*Problem to work on*
Emit a verbatim copy of the lines running from the line with "this 1333×1500 image." through the end of the material below.

★ ★ ★ ★

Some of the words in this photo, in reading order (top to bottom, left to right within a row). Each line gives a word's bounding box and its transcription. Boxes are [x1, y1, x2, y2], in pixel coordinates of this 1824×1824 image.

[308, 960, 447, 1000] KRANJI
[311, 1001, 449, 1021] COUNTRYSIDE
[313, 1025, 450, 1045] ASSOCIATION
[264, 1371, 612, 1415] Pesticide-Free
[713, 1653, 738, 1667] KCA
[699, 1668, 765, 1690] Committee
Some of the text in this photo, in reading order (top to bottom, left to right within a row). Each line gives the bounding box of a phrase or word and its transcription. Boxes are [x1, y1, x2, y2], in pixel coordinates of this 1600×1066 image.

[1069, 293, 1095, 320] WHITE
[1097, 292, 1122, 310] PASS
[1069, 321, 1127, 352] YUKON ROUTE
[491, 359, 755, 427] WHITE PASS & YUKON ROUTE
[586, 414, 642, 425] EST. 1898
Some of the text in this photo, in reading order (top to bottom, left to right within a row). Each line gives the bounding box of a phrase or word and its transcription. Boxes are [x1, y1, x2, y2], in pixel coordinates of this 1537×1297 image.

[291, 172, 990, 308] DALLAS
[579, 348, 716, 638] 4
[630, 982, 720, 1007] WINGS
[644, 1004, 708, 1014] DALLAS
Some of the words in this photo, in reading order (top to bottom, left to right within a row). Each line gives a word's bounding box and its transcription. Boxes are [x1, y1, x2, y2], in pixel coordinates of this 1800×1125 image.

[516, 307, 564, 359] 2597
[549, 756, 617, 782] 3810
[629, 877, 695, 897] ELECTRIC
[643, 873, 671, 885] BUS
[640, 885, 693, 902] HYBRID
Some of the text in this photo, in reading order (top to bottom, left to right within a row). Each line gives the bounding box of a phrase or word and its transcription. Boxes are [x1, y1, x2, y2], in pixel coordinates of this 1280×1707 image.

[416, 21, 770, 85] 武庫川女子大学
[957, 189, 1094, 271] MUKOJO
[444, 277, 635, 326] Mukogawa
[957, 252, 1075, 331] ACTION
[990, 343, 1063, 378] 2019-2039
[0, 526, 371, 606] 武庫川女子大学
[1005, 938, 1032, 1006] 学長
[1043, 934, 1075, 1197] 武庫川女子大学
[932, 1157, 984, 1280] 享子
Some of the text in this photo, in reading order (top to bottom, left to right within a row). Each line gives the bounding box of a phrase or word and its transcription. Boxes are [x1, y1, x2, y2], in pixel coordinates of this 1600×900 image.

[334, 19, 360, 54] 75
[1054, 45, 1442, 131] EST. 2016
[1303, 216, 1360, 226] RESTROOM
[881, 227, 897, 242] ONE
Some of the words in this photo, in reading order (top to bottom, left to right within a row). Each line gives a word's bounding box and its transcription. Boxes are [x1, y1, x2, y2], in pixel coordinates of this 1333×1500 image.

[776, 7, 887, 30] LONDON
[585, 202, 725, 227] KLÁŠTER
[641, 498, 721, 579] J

★ ★ ★ ★

*Solution below*
Some of the words in this photo, in reading order (top to bottom, left to right within a row). Each line gives a word's bounding box and its transcription. Boxes are [x1, y1, x2, y2], in pixel coordinates of this 1333×1500 image.

[776, 7, 887, 30] LONDON
[585, 202, 725, 227] KLÁŠTER
[641, 498, 721, 579] J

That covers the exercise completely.